In a sense, the Parafac representation defines a regression model for the elements of the joint distribution $π_{g_{1}, \dots, g_{p}}$ , $g_{j} = 1, \dots, K_{j}$ , $j = 1, \dots, p$ . According to (Vermunt (2010)), it is often preferable not to estimate the parameters of such secondary models within the EM algorithm. Rather, so-called two- or three-step approaches should be used for this purpose; in a first step, model parameters are estimated using the EM algorithm; in a second step, units are proportionally allocated to components with weights given by posterior probabilities of component membership. In the third step, a multinomial logit is fitted to estimate the effects that observed covariates have on class membership. This is a good approach and, when the number of components is not large, it performs well in both real and simulated data. In the present context, the number of components is equal to $\prod_{j = 1}^{p} K_{j}$ and the resulting data matrix would be of order $(n \times \prod_{j = 1}^{p} K_{j})$ with several null entries (those associated to components that are unlikely for that unit). Therefore, we decided to take a different route, while retaining the idea of two-step approaches. First, we note that, differently from the rank of a matrix, the rank of a tensor can be higher than the dimensions of the tensor itself, that is we may have $m > min (K_{1}, \dots, K_{p})$ . The idea here is to approximate the joint distribution by using a limited number ( $q \leq m)$ of latent components that are optimal in the least-squares sense:

π_{g_{1}, \dots, g_{p}} \sum_{h = 1}^{q} τ_{h} \prod_{j = 1}^{p} π_{{jg}_{j} ∣ h} .

(5.3)

By using the Parafac representation, for every profile $j = 1, \dots, p$ , and higher-level class $h = 1, \dots, q$ , $(K_{j} - 1)$ elements $π_{{jg}_{j} ∣ h}$ are free to vary in the interval $[0, 1]$ , whilst the latter one is constrained due to the unit-sum. The number of parameters is $(\sum_{j = 1}^{p} K_{j} - p) q$ ; using the same reasoning, $(q - 1)$ values $τ_{h}$ are free to vary. It follows that the total number of free parameters in the Parafac parametrization for $\underline{Π}$ is $(\sum_{j = 1}^{p} K_{j} - p) q + (q - 1)$ , which can be much lower than the number of free elements of the tensor, $\prod_{j = 1}^{p} K_{j} - 1$ .
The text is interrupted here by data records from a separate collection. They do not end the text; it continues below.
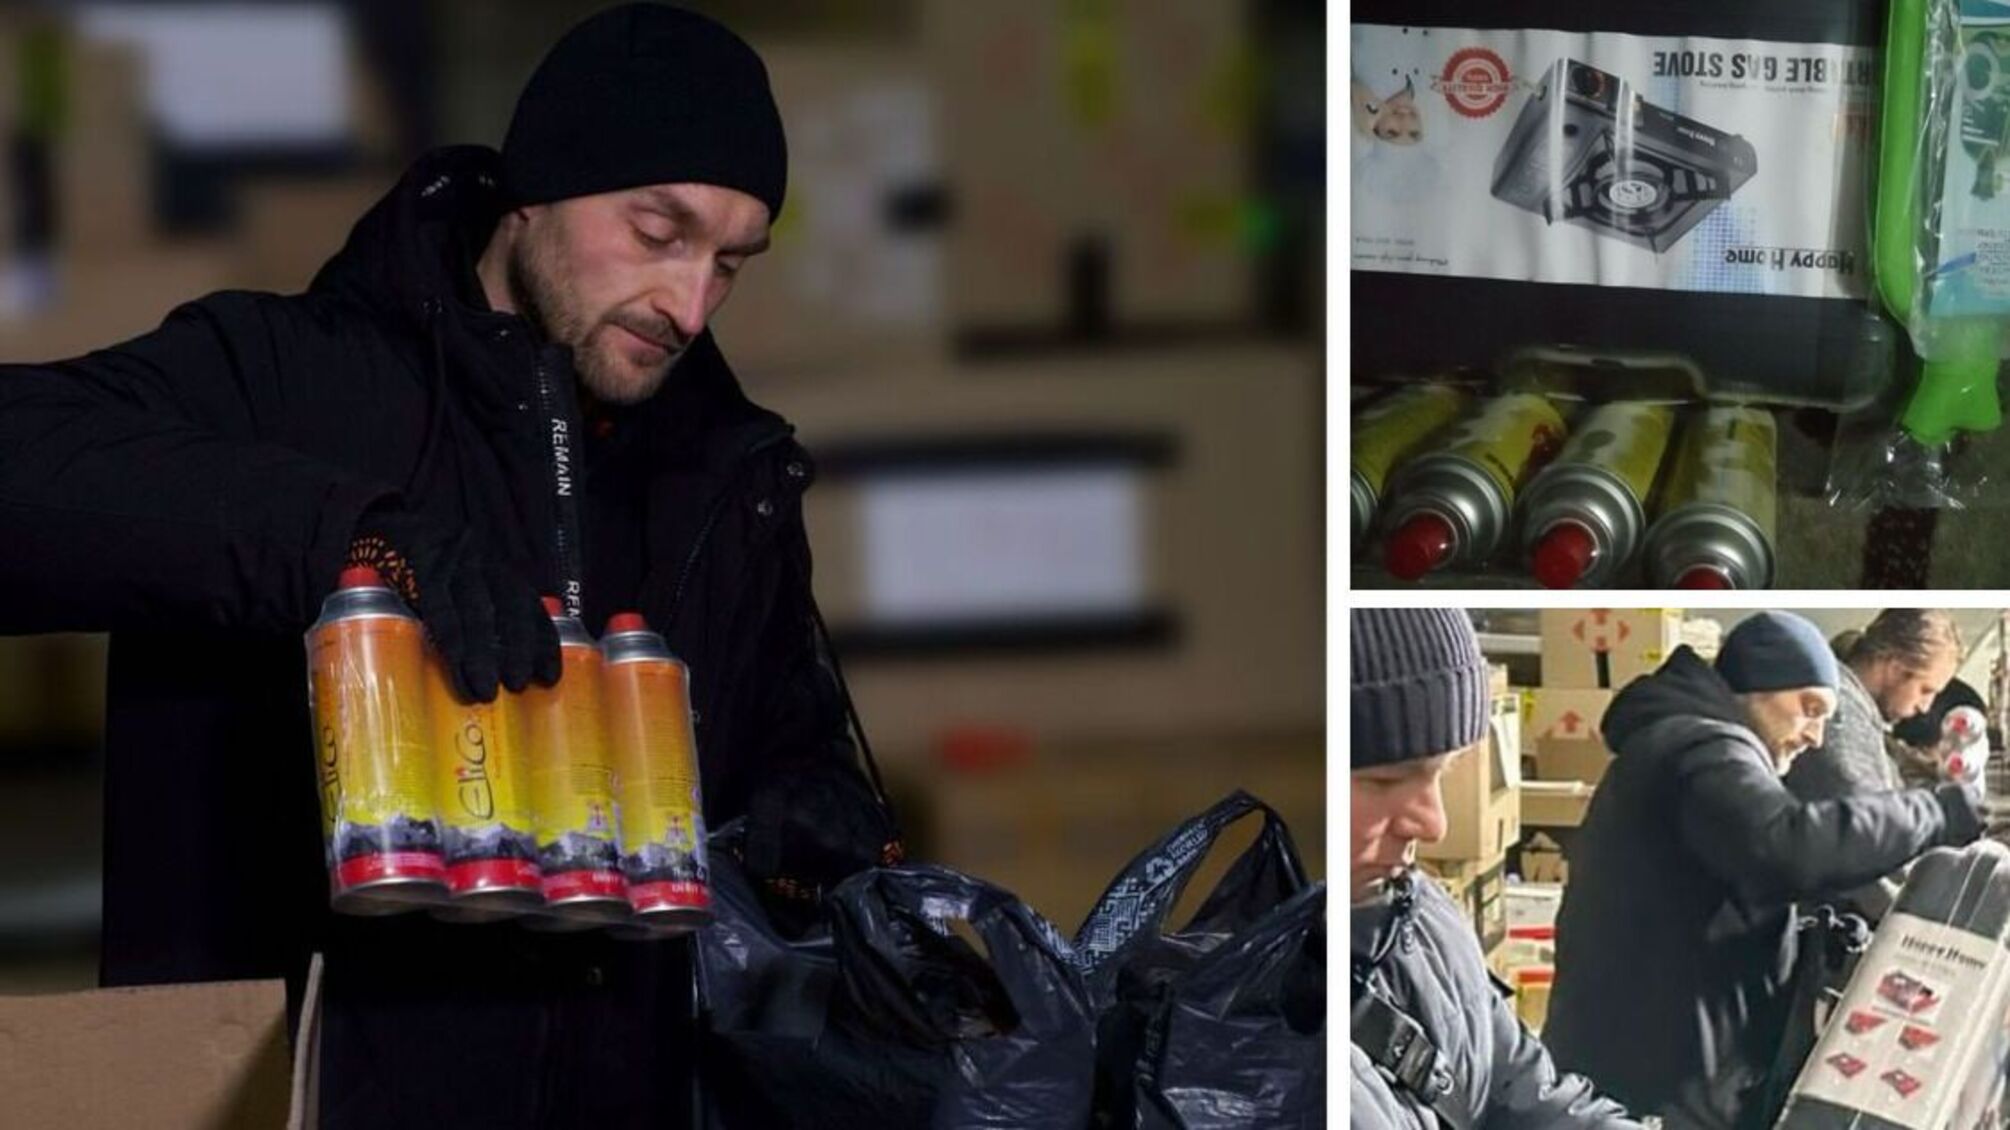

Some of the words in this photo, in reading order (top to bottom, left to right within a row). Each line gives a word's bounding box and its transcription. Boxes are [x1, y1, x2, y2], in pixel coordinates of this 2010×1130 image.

[1653, 51, 1724, 78] STOVE
[1731, 53, 1779, 82] GAS
[1725, 249, 1785, 271] Home
[551, 418, 572, 497] REMAIN
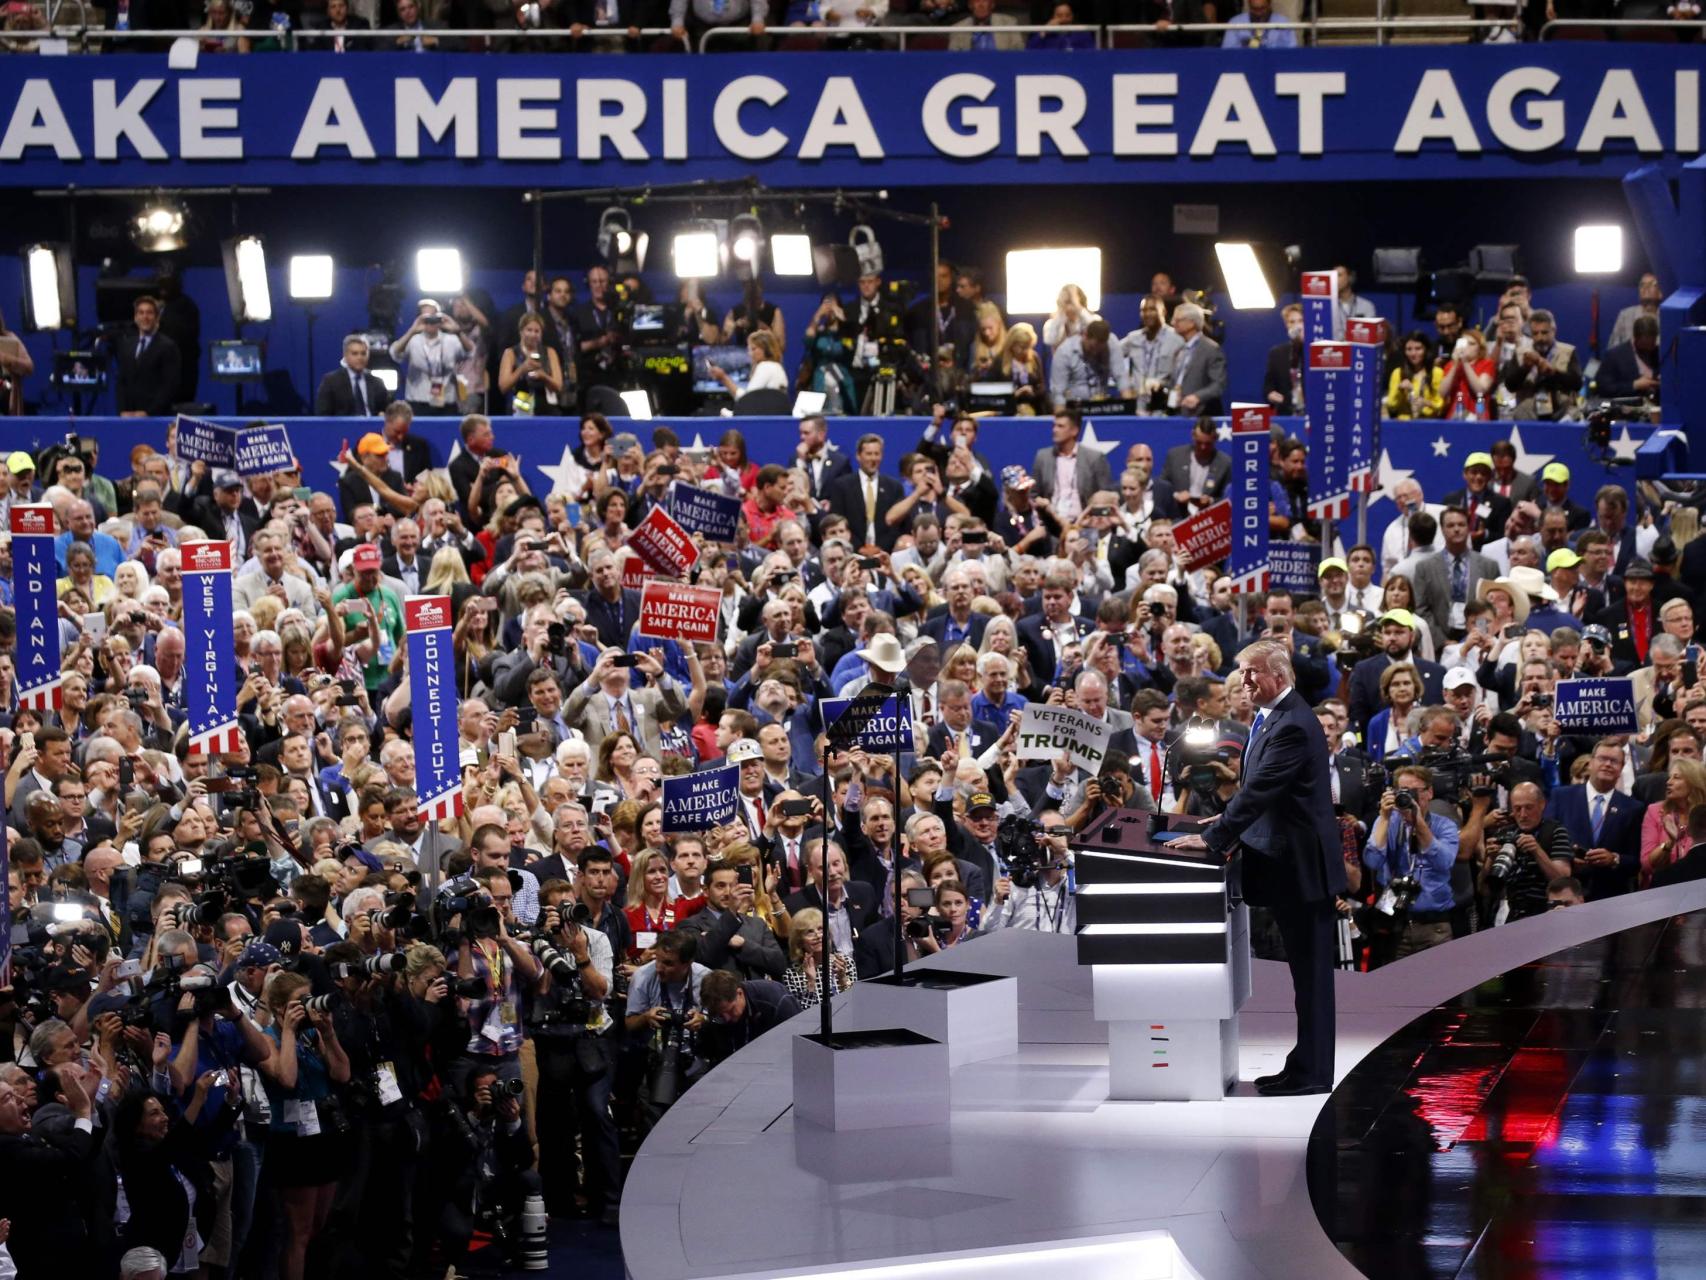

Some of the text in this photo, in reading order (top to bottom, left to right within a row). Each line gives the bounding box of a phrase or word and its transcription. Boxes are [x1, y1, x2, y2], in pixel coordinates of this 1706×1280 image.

This approach, referred to in the following as Parafac-based, is also motivated by the fact that, unlike the case of observed individual-level covariates, the models in equations (5.1) and (5.3) include only margin-specific intercepts. We propose to use the estimates of $π_{g_{1}, \dots, g_{p}}$ , $g_{j} = 1, \dots, K_{j}$ , $j = 1, \dots, p$ , obtained within the EM algorithm, to fit the Parafac model with $q$ (higher-level) classes, and obtain a more parsimonious and easy to interpret parametrization. This process, where the Parafac step is embedded within the EM algorithm, is repeated until convergence. The technical details of the additional steps in the EM algorithm that we use to estimate the parameters in the Parafac parameterization are described in Section 2 of the Supplementary Material. Here, we briefly sketch the structure of the algorithm for fixed $q$ and $K_{j}$ , $j = 1, \dots, p$ .

Step 0 Set $ε > 0$ (e.g., $ε = 10^{- 6}$ ), at step $t = 1, 2, \dots$

Step 1 Calculate joint posterior probabilities $w_{g_{1}, \dots, g_{p}}^{(t)}$ .

Step 2 Conditional on weights $w_{i, g_{1}, \dots, g_{p}}^{(t)}$ , and based on conditional independence, fit a GLM to each response $y_{j}$ using covariates in the design matrix $X_{j}$ , through a Newton-Raphson algorithm with profile-specific weights $w_{i, g_{j}}^{(t)} = \sum_{g_{1}, \dots, g_{j - 1}, g_{j + 1}, \dots, g_{p}} w_{i, g_{1}, \dots, g_{p}}^{(t)}$ .

Step 3 Estimate priors $π_{g_{1}, \dots, g_{p}}^{(t)}$ averaging weights over units.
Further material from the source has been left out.